He, who should have stood unwavering guard outside the Duke's chamber till morn, had succumbed to slumber. More alarming still was the sound from within – soft, unfamiliar footsteps that sent a shiver down his spine.

A knot of dread tightened in his chest, urging his hand to his sword. Cold steel sang as it left the scabbard, and with a shower of sparks, the heavy padlock on the Duke's door splintered under the blow. He plunged into the chamber, his left arm thrust forward, the folded buckler upon it snapping open into a ready shield.

Azure light flared in Corneille’s eyes, a sorcerous gleam that sought out enemies. Yet, the room held no assassins, no lurking threat – only a young maiden, perched on the edge of the great bed, her form trembling, head bowed low.

She was a fragile thing, her skin like moonlight on snow. Through a chink in the heavy velvet curtains, a spear of dawnlight pierced the gloom, igniting her long hair. It cascaded down her back like a river of molten gold, pooling onto the rich bedclothes.

"Pierre," she whispered, her voice quavering. "Am I caught in some enchantment? If this is no dream… then what, by all the gods, is happening to me?"

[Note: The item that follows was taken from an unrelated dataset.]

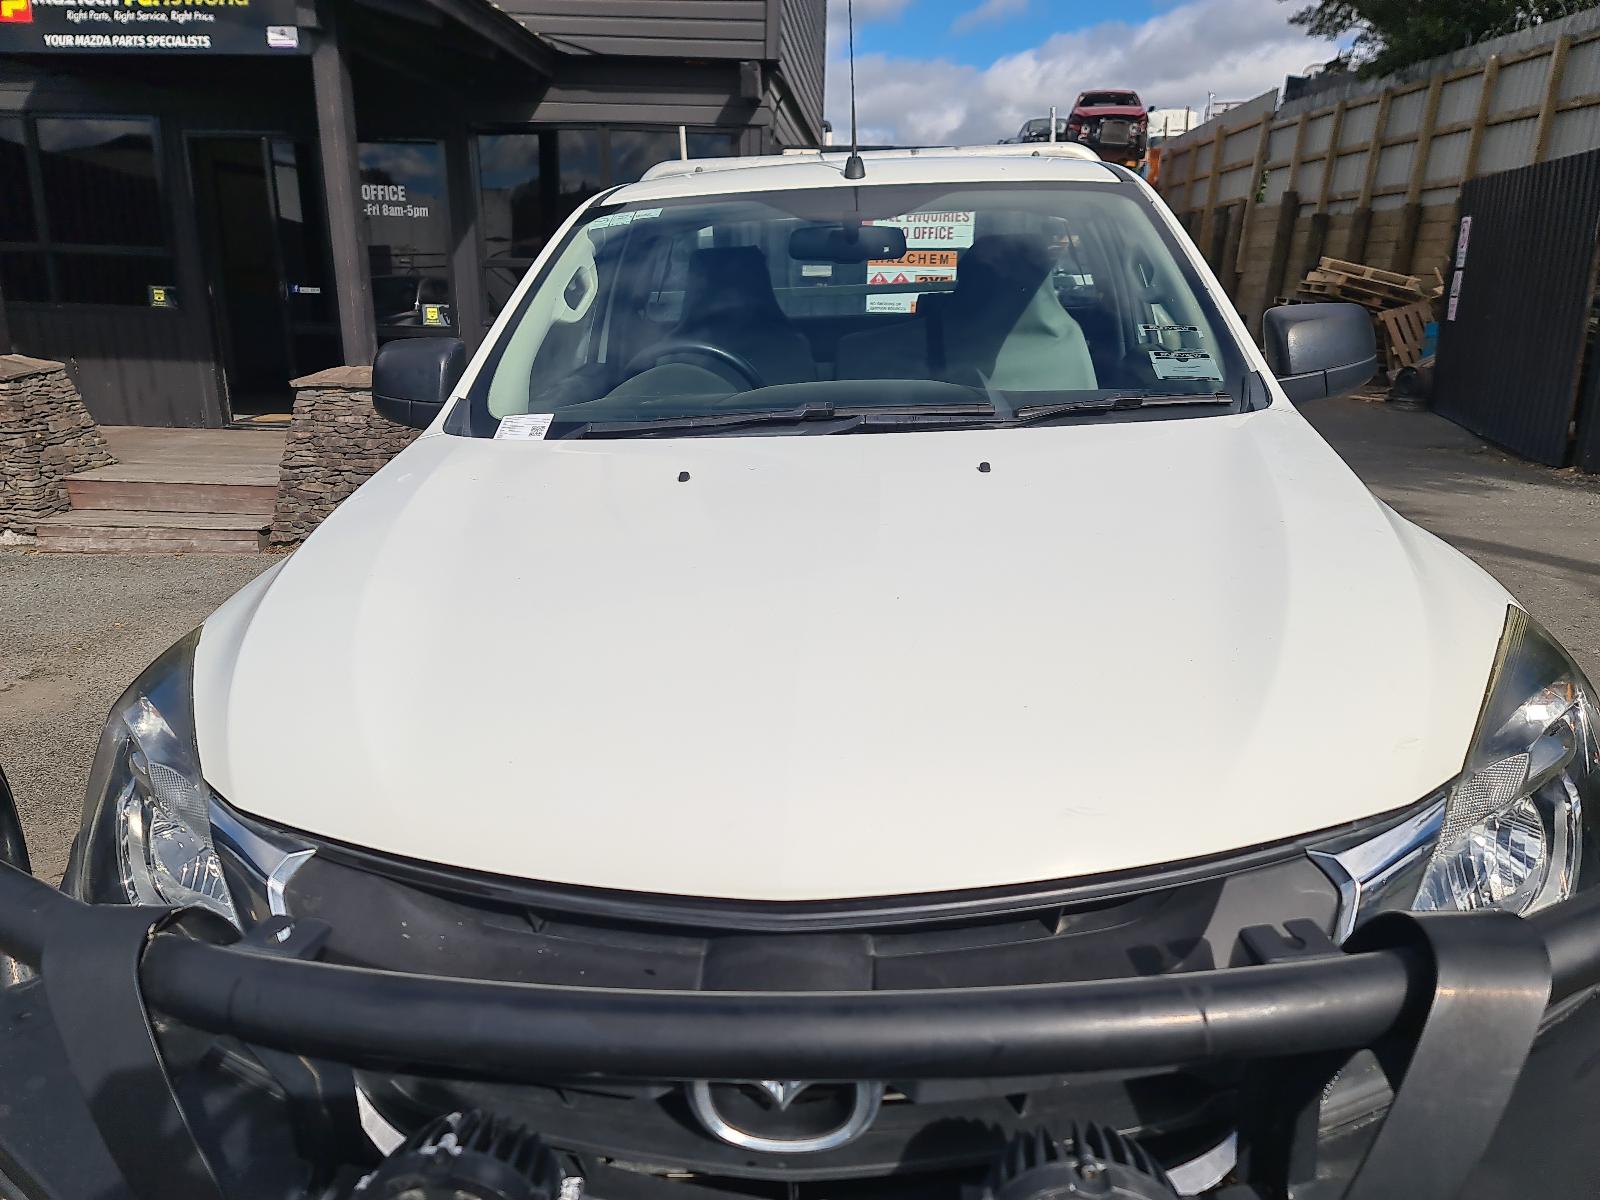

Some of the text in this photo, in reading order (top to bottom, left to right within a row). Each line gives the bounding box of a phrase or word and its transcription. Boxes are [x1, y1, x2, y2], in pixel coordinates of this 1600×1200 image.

The maiden lifted her gaze, and a single tear, like a liquid pearl, traced a path down her cheek. Her face, so achingly familiar yet subtly altered, struck Corneille with the force of a physical blow. A horrifying suspicion, cold and sharp, began to crystallize in his mind.

To give his fear a name, or to banish it, he raised his sword, its point aimed at the heart of the trembling girl. But before the steel could touch her, shimmering golden script blazed into existence in the air between them, an invisible force pressing his arm down.

The Golden Oath. A binding of potent magic, unbreakable, that forbade him from ever bringing harm to his master, his charge.

The terrible truth crashed down upon him. Corneille felt his stomach churn, a bitter, acrid bile rising in his throat. He drew a ragged breath, struggling for composure. "Permit me to be certain," he said, his voice hoarse. "You are Dias de Toledo, Third Duke of Alva – my employer, and my most cherished friend. Is this not so?"

The maiden dashed away her tears, her arms wrapping around herself as if to ward off a chill. "Oh, Pierre," she choked out, her voice laced with despair. "I… I know not how. I simply awoke… and I was a woman."

The chamber seemed to tilt around Corneille. He prayed this was but a lingering fragment of his nightmare, or perhaps some monstrously cruel jest conceived by his friend.

Both Corneille and Dias were sons of the Hathor Federation, a realm currently fractured by the ambitions of two great powers: the staunch Royalists and the formidable Tri-State Alliance.

Dias's father, Fernando de Toledo, the Second Duke of Alva, had been a man who danced on the razor's edge of politics. He pledged fealty to the Royalists, yet took a bride from the heart of the Tri-State Alliance, his plans for his lineage as convoluted as his allegiances.

Dias, his firstborn, was a youth plagued by ill health, a gentle soul with a spirit that seemed too delicate for the harsh world, his growth stunted. Fernando, a man of pragmatism, had deemed him unfit to inherit the ducal coronet. Instead, arrangements were made for Dias to be schooled in the distant State of Waite, a decision laden with unspoken implications.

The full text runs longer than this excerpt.